High Society is an exhilarating performance from start to finish. The acting is crisp, the singing flawless, the live band terrific, the choreography entrancing, and the play itself is romantic, lively and humourous. Cole Porter deserves his place amongst other composers whose works have found their way into the Great American Songbook. High Society consists of some of the finest scores one can hear in any musical.
This musical is a romantic comedy following wealthy socialite Tracy Lord (Jennifer Lines) as she plans yet another wedding to social climber George Kittredge (Steve Maddock). But, like in most romantic comedies, things do not go smoothly. Just days before her big event, Tracy’s ex-husband, smooth talker Dexter Haven (Todd Talbot), arrives back in town.
The plot is uncomplicated, but this is not theatre meant to challenge you on an intellectual level. It’s simply a great time that you can take your partner to and come out of feeling giddy and romantic.
What sets this musical apart from others is the music. There’s a reason why Cole Porter’s tunes have lasted into the 21st century, and why so many artists continue to sample his work — and it helps that the cast and band do it justice. These are some of Vancouver’s finest performers and all the singers stand their ground in these well-known pieces.
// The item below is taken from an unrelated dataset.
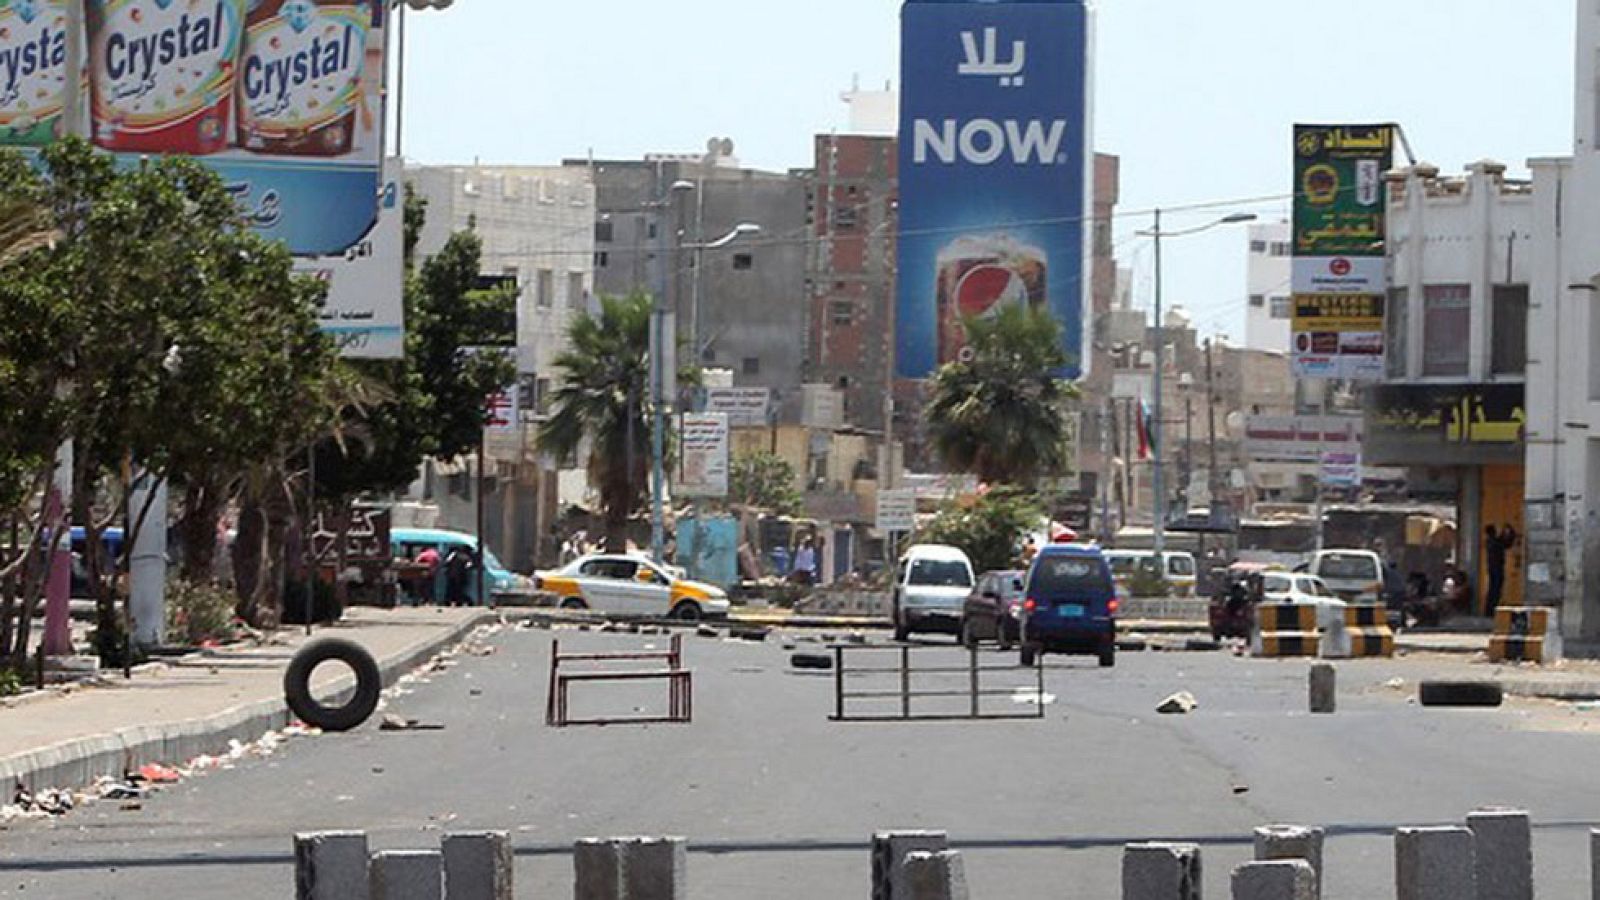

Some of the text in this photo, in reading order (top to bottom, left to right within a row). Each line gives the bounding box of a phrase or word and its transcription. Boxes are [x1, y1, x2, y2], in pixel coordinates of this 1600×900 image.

Some of the greatest musical moments of the night come from Lauren Bowler, who plays the quick-witted photographer Liz Imbrie. She effortlessly sings throughout her range, and the warmth in her voice fills the room. Maddock, regarded as one of Canada’s best jazz vocalists, is another standout. It’s unfortunate that he only gets one solo song — you could listen to his silky smooth voice all night long.
The acting is a delight. Lines is superb in all that she does, and along with the rest of the cast, she brings you on a light and exciting journey.
High Society is a great play for the summer. It’s fun and loose and downright enjoyable. It’s like watching reality TV, except better, and with singing. You will leave wanting to “misbehave” with a bottle of champagne.